* _Task_:
If a record holds a picture, leave the picture out; return everything else exactly.

* _Supplied material_:
____
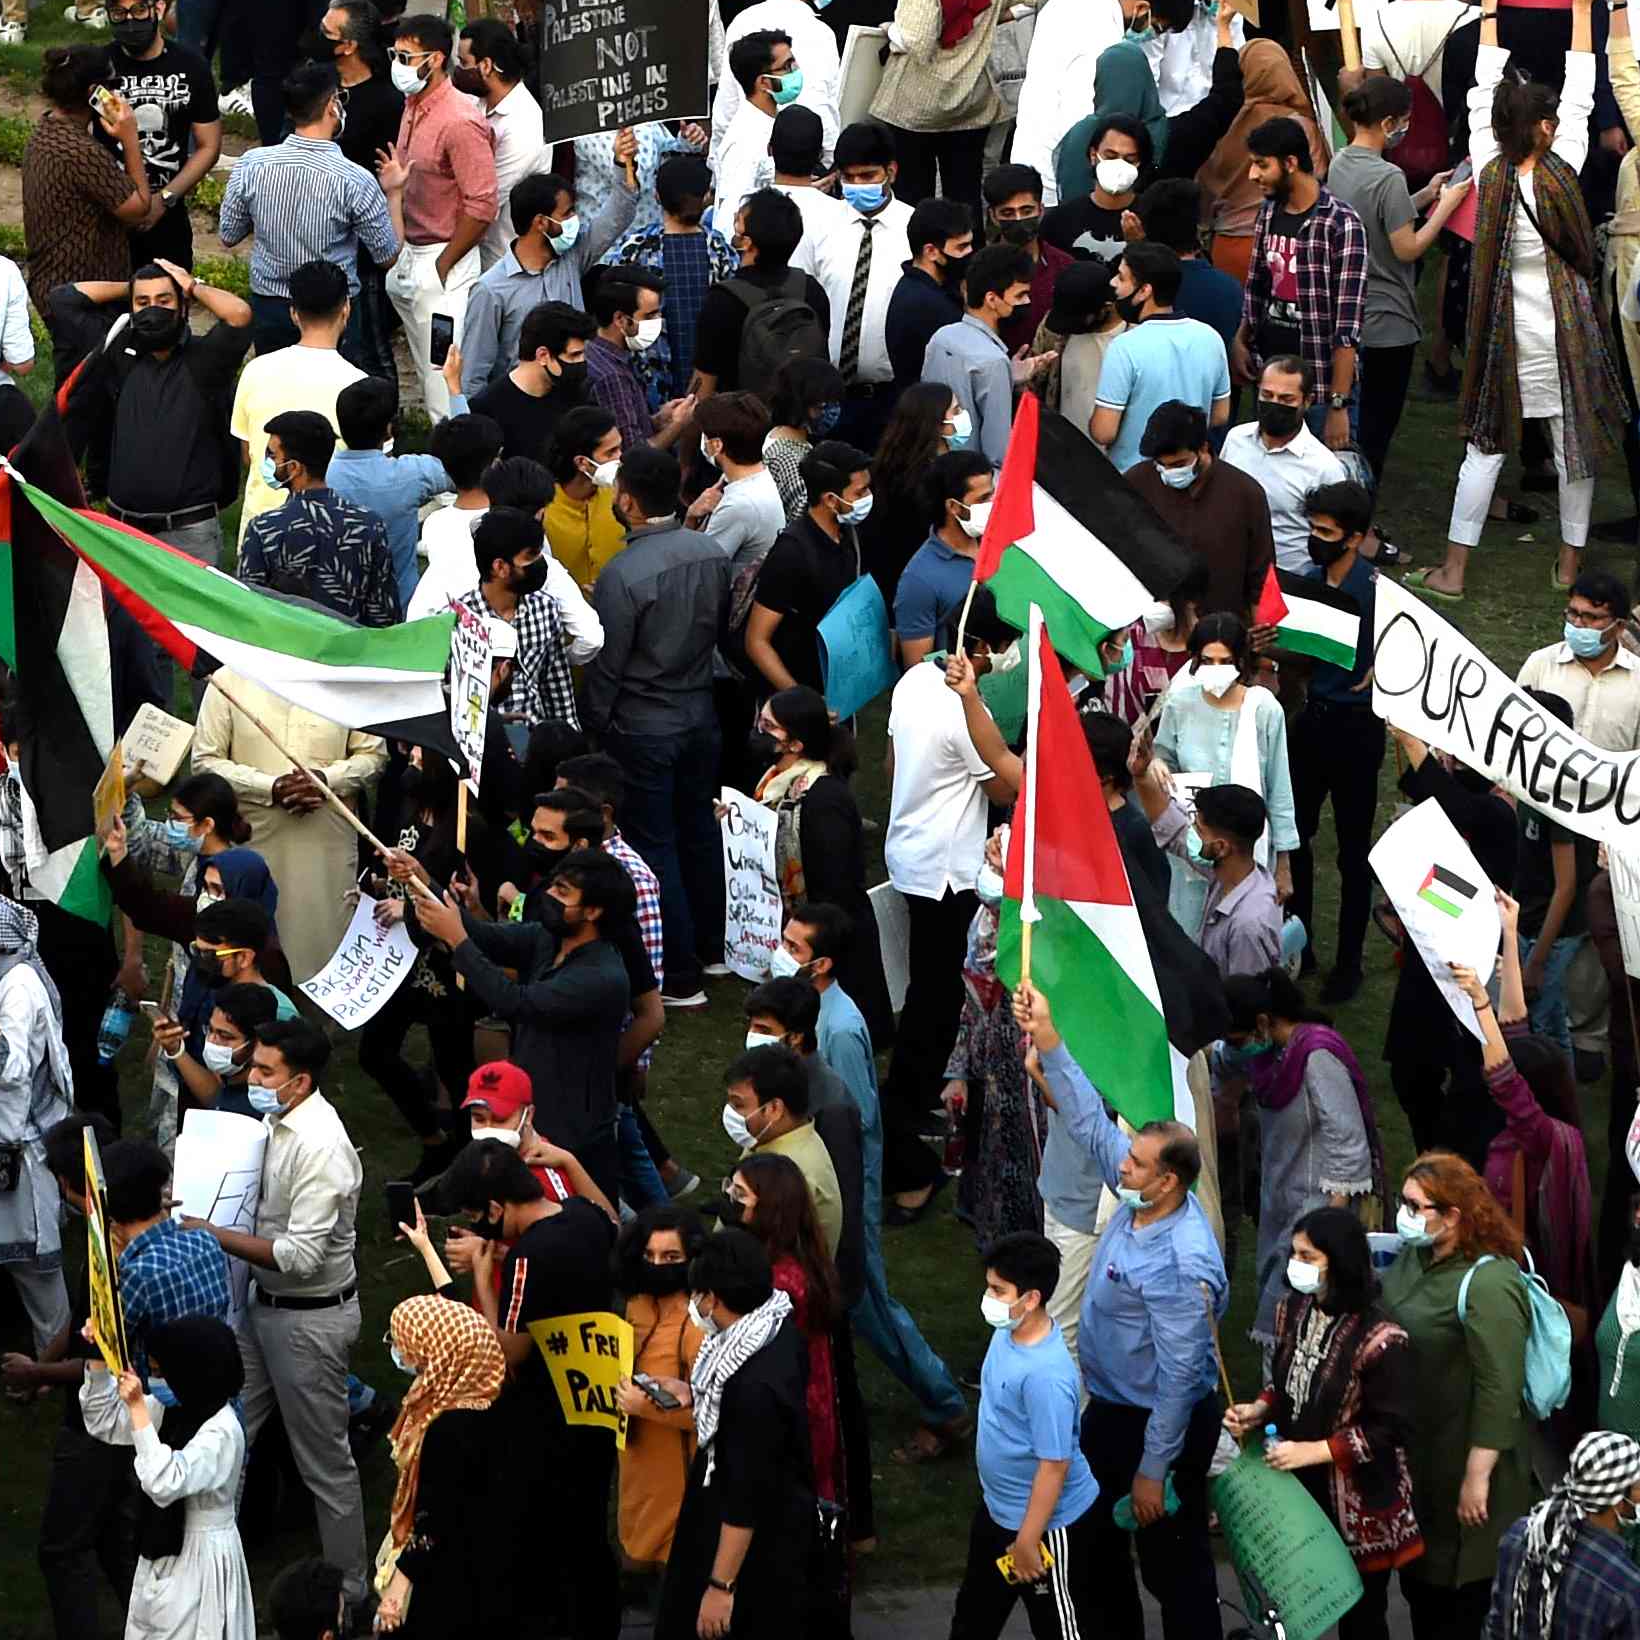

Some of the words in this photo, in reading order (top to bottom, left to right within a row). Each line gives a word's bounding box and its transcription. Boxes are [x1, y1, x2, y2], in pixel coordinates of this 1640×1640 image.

[543, 5, 626, 51] PALESTINE
[595, 23, 658, 70] NOT
[645, 63, 668, 88] IN
[597, 86, 669, 128] PIECES
[1375, 610, 1487, 751] OUR
[303, 932, 371, 1001] Pakistan
[339, 956, 375, 997] stands
[330, 944, 405, 1021] Palestine
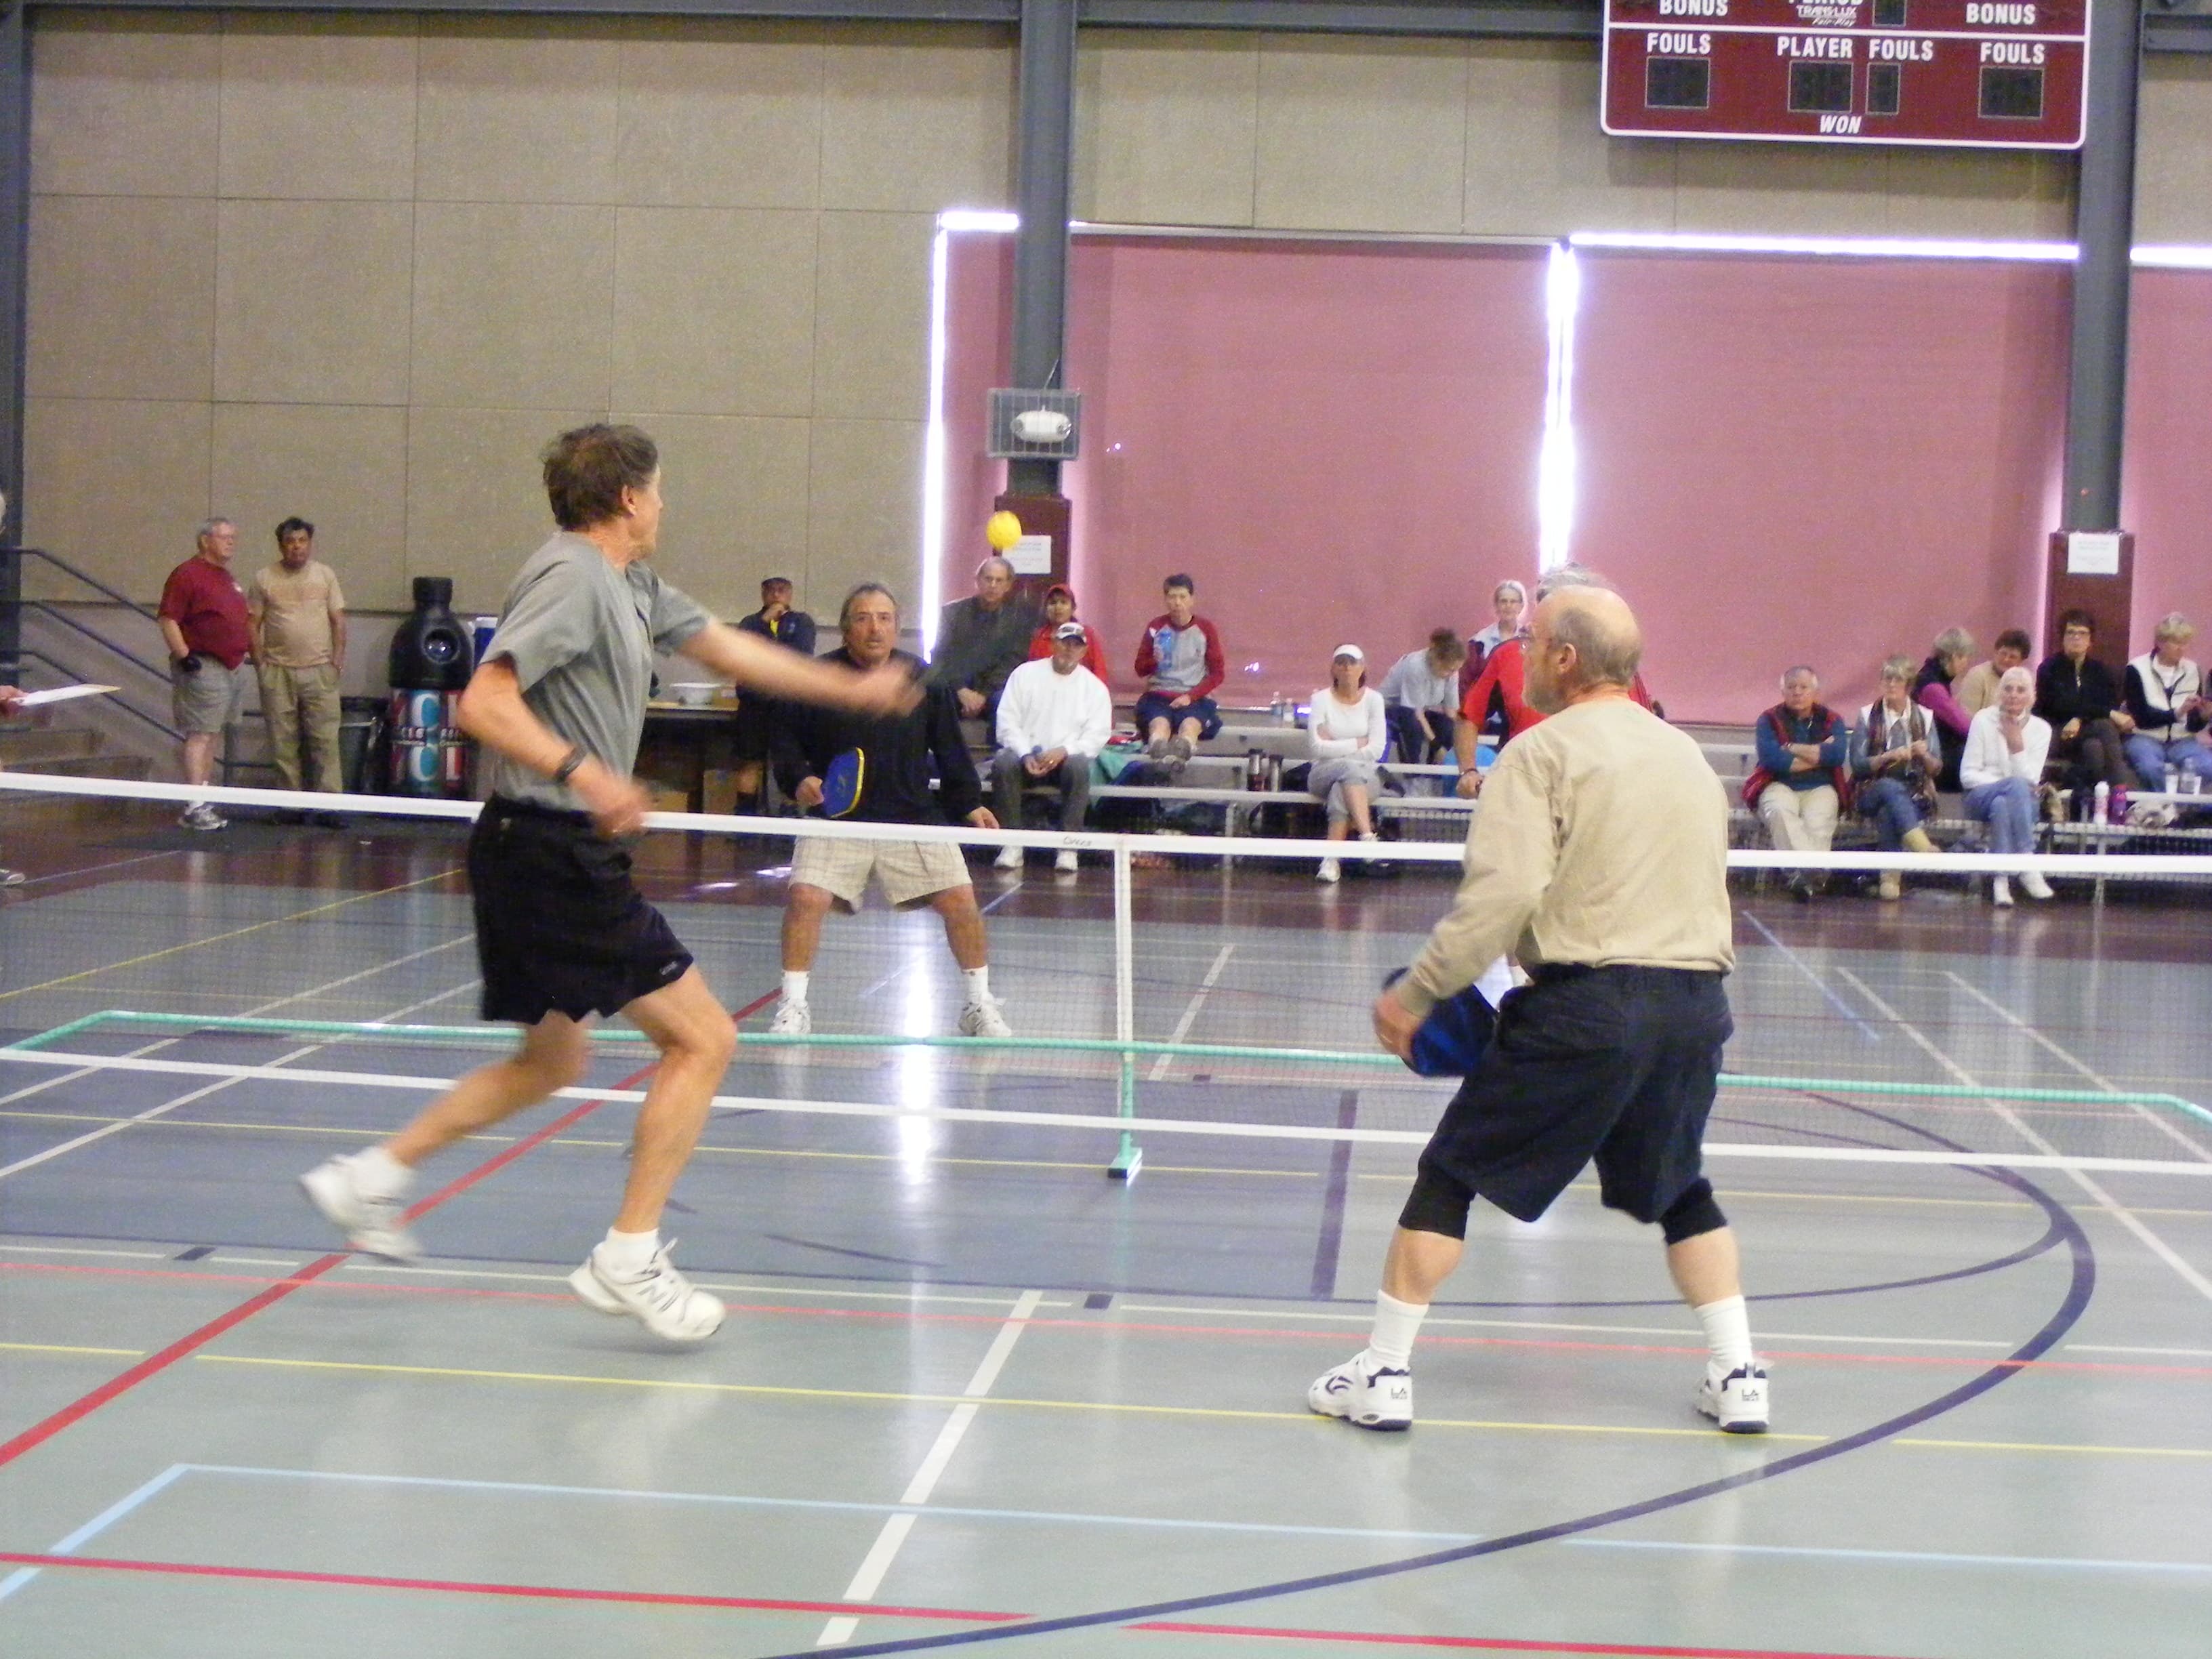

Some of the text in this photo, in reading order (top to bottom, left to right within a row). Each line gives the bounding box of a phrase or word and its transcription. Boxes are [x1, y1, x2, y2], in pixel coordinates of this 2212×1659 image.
____
* _Output below_:
Some of the words in this photo, in reading order (top to bottom, left to right within a row). Each line gives a word's bounding box and its transcription. Boxes are [x1, y1, x2, y2], in pixel coordinates of this 1640×1640 image.

[543, 5, 626, 51] PALESTINE
[595, 23, 658, 70] NOT
[645, 63, 668, 88] IN
[597, 86, 669, 128] PIECES
[1375, 610, 1487, 751] OUR
[303, 932, 371, 1001] Pakistan
[339, 956, 375, 997] stands
[330, 944, 405, 1021] Palestine

Some of the text in this photo, in reading order (top to bottom, left to right within a row). Each line gives the bounding box of a phrase or word and its transcription. Boxes are [x1, y1, x2, y2], in pixel coordinates of this 2212×1659 image.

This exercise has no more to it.